Wadi Rum was a surprise favorite. We’re water people. We SCUBA dive and swim and enjoy creeping to the edge of huge crashing waves and watching the sunlight dance on water. We don’t generally gravitate toward the desert. But this experience was amazing. It had as much to do with our timing as anything. In our two nights at our Bedouin camp, we were the only guests. It felt like we were the only people, other than our guide, in the entire desert. Sleeping under the millions of stars on our second night there really made us feel tiny and reinforced for us the vastness of our universe. The silence was beyond quiet. No trees, no birds, no running water, no sound of any kind – just my heart beating and my breath moving in and out. Truly a once in a lifetime experience.
Serengeti, of course, was spectacular. No surprise there. Being there during the annual migration, we were treated to the sight of endless lines of wildebeest and zebra, antelope and cape buffalo, giraffes and elephants.
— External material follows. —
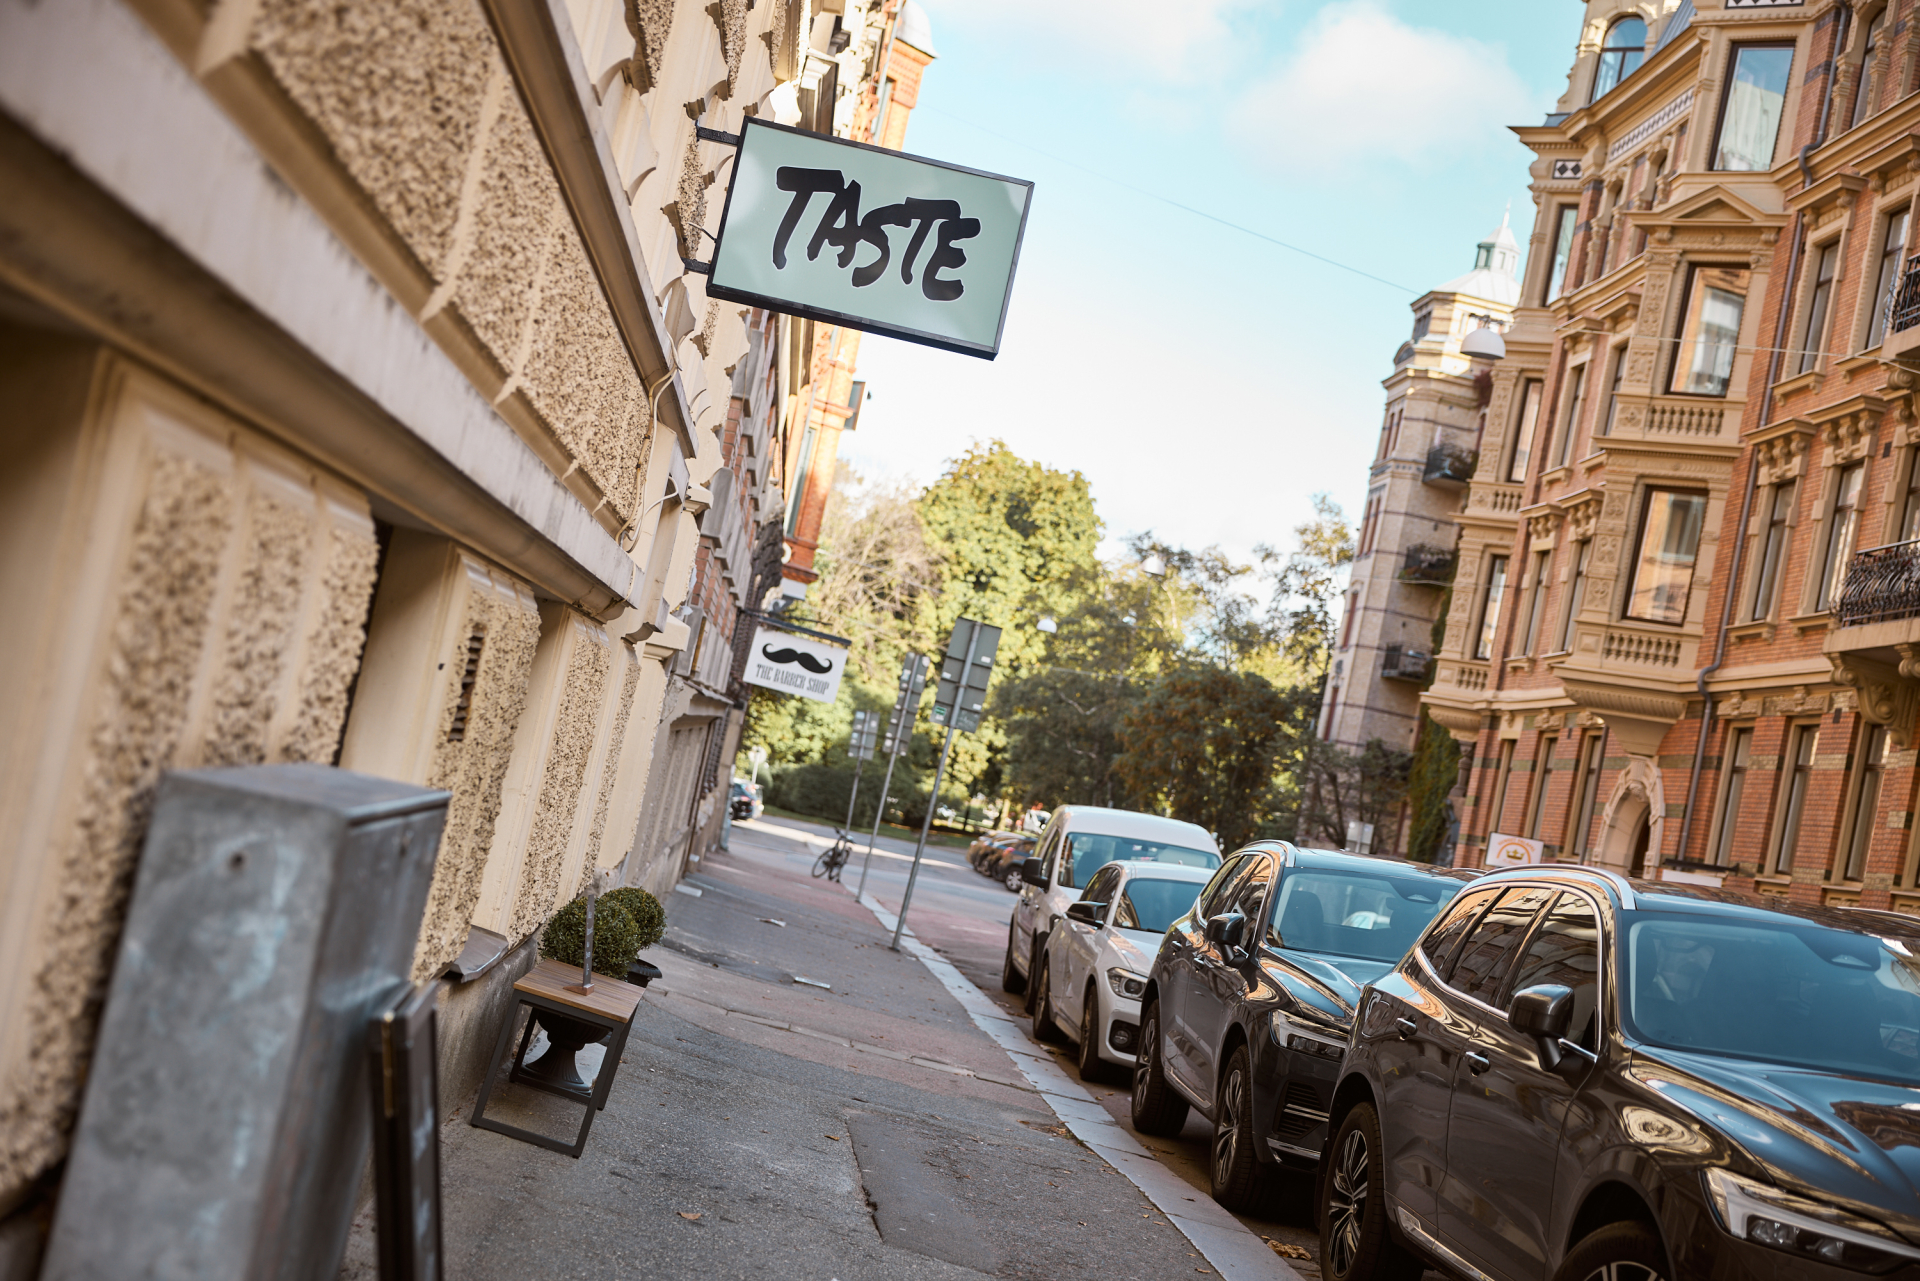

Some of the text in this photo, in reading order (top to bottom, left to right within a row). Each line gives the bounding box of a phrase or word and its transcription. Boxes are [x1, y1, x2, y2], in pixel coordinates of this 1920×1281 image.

[772, 166, 981, 301] TASTE
[756, 663, 830, 695] THE BARBER SHOP
We got sunburned and filthy and bitten by tsetse flies and had to watch for lions/leopards/cheetah (pick your carnivore) when exiting the tent in the middle of the night for a potty break, but we loved it.
By the end of our travels, I had a “bucket list” with checkmarks next to all sorts of places I had previously only visited via National Geographic…
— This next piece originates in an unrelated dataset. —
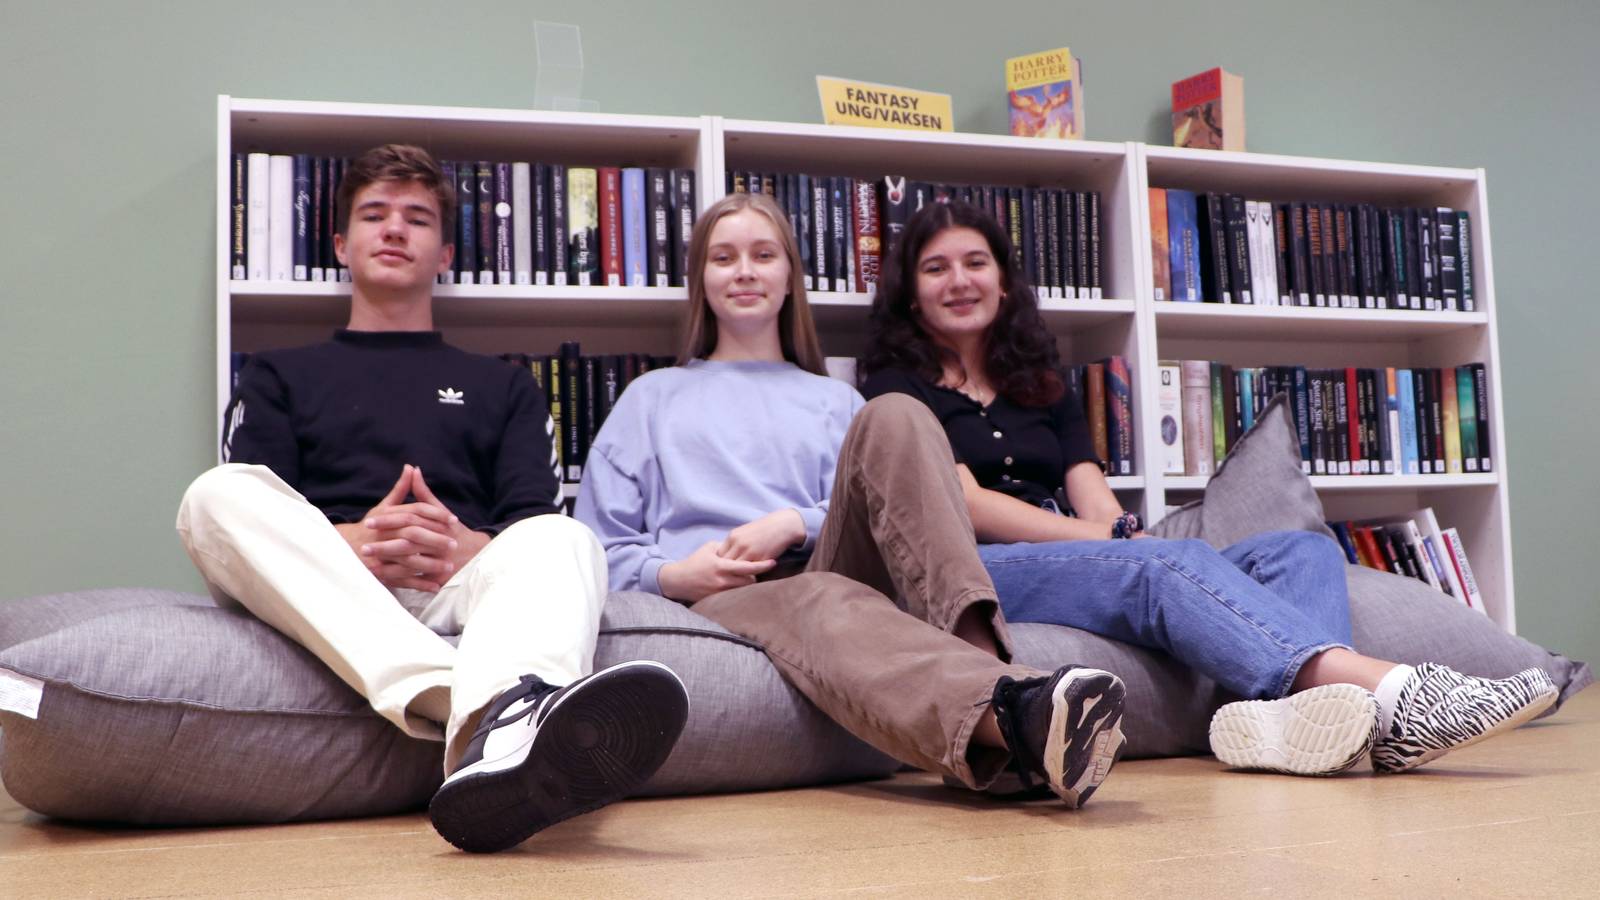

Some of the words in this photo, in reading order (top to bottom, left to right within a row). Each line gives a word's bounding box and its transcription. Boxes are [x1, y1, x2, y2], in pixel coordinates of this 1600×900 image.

[1013, 53, 1064, 71] HARRY
[1013, 63, 1067, 82] POTTER
[846, 87, 919, 111] FANTASY
[835, 101, 942, 129] UNG/VAKSEN
• Great Barrier Reef, Australia
• Angor Wat, Cambodia
• Halong Bay, Vietnam
• Jerusalem, Israel (and Nazareth, Bethlehem, Cana, Mount of Beatitudes)
• Petra, Jordan
• Karnak Temple, Luxor Egypt
• Treasures of King Tut’s tomb, Egyptian National Museum, Cairo, Egypt
• Victoria Falls, Zambia
• Serengeti National Park, Tanzania
• Zanzibar Island, Tanzania
• Haggia Sophia, Istanbul, Turkey
• Ephesus, Turkey
• Island of Crete, Greece
Whew! No wonder we were tired.
It was an incredible adventure. And there’s still South America….
p.s. the hookworm I picked up in Malawi was eventually vanquished. After 6 weeks of baffling the urgent care docs, I finally did what I should have done my first day back – visited the Infectious Disease doc at the travel clinic. He took one look at my foot and immediately knew what it was and how to treat it. I got a prescription for some meds with a pretty scary list of possible side effects, but it killed that bad boy in one day. After three months of scratching my foot in my sleep, I finally was able to forget the foot was there. So Ding Dong the itch is dead. Better living through pharmaceuticals.